What you will do: Write the entries below out again exactly; any picture in them stays out.

========================

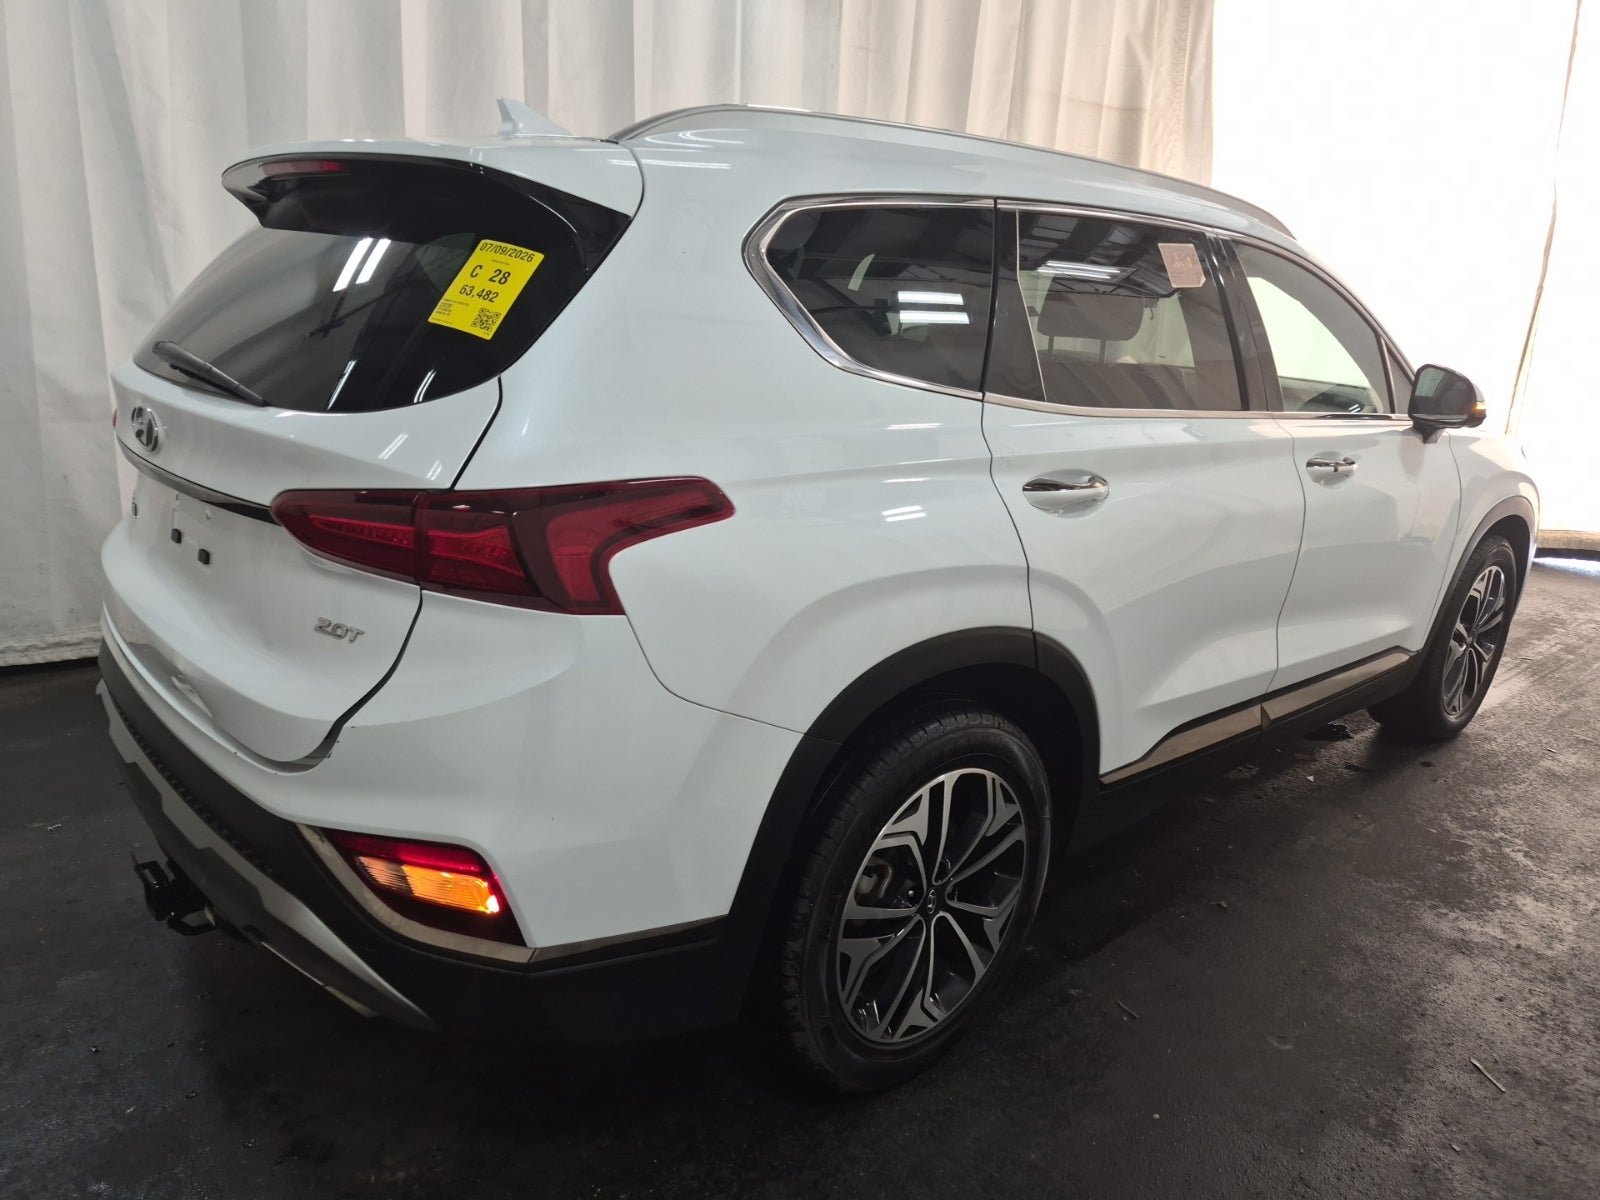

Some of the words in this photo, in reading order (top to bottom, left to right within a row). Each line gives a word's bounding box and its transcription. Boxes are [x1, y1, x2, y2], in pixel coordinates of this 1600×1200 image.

[479, 242, 535, 263] 07/09/2026
[470, 264, 483, 278] C
[488, 269, 511, 285] 28
[459, 284, 499, 303] 63,482
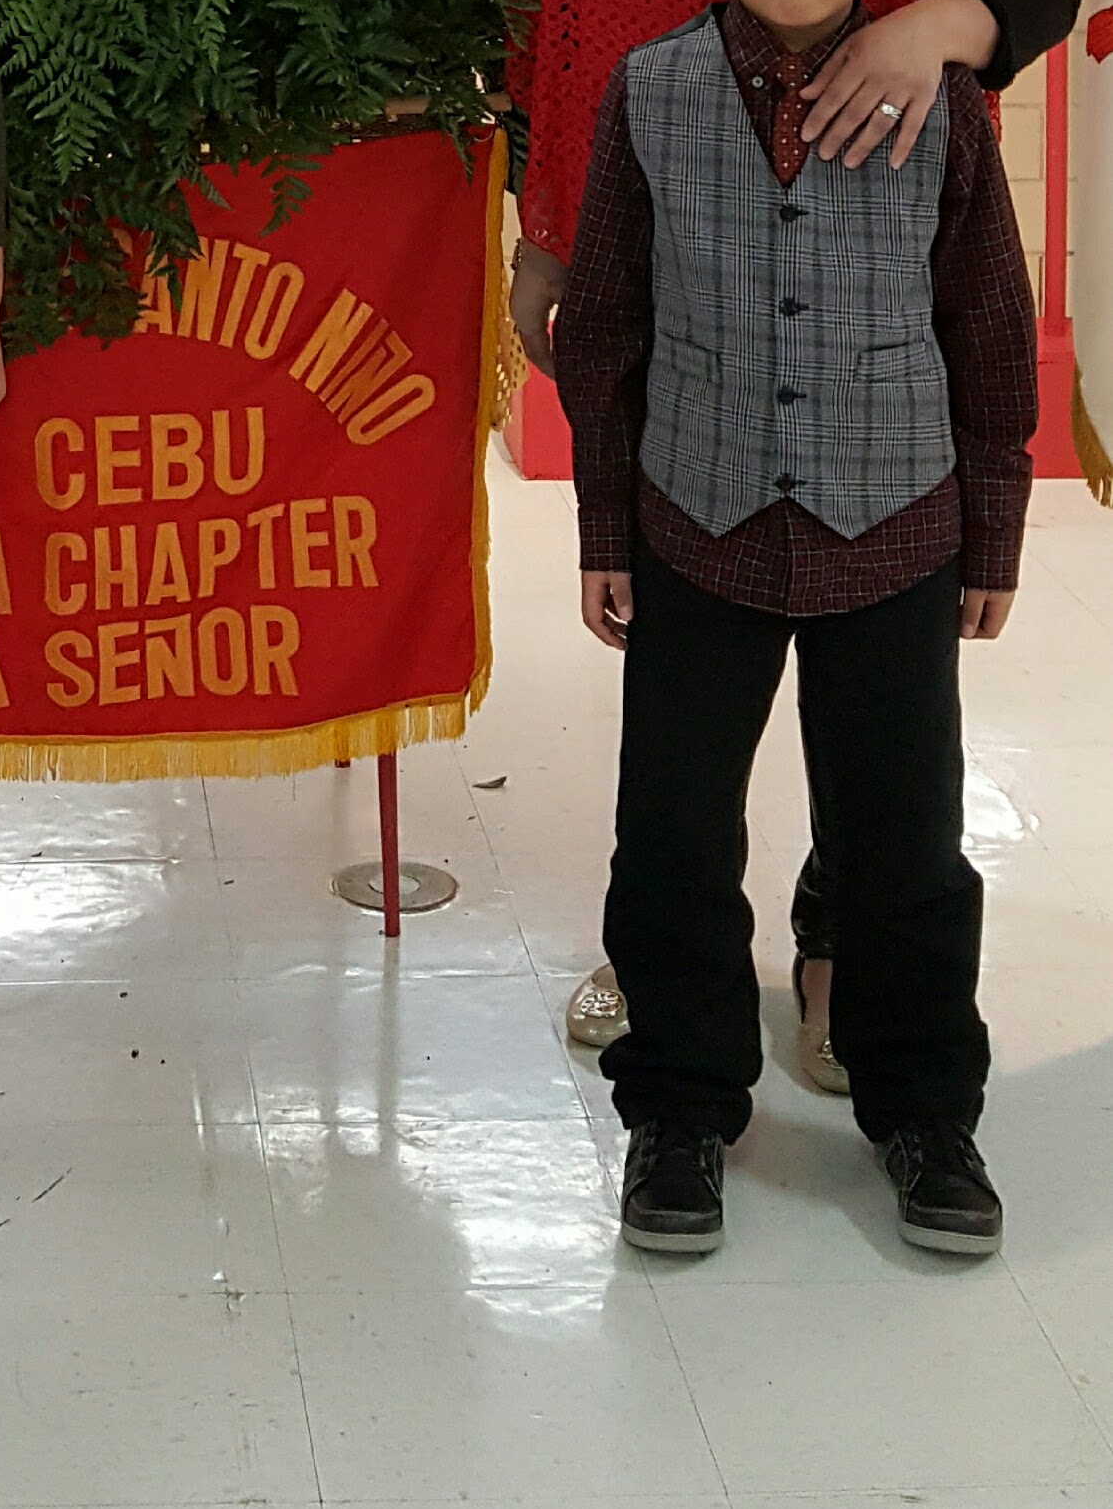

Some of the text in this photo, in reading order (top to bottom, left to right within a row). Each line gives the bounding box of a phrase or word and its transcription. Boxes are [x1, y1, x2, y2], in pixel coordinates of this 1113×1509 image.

[112, 227, 436, 445] ANTO NIÑO
[34, 406, 265, 511] CEBU
[44, 495, 379, 616] CHAPTER
[44, 604, 300, 708] SEÑOR

========================

Exercise response:
Some of the words in this photo, in reading order (top to bottom, left to right within a row). Each line gives a word's bounding box and its transcription. Boxes are [x1, y1, x2, y2], in pixel coordinates of this 1600×1200 image.

[479, 242, 535, 263] 07/09/2026
[470, 264, 483, 278] C
[488, 269, 511, 285] 28
[459, 284, 499, 303] 63,482

Some of the text in this photo, in reading order (top to bottom, left to right within a row). Each line gives the bounding box of a phrase or word and its transcription. Boxes are [x1, y1, x2, y2], in pixel coordinates of this 1113×1509 image.

[112, 227, 436, 445] ANTO NIÑO
[34, 406, 265, 511] CEBU
[44, 495, 379, 616] CHAPTER
[44, 604, 300, 708] SEÑOR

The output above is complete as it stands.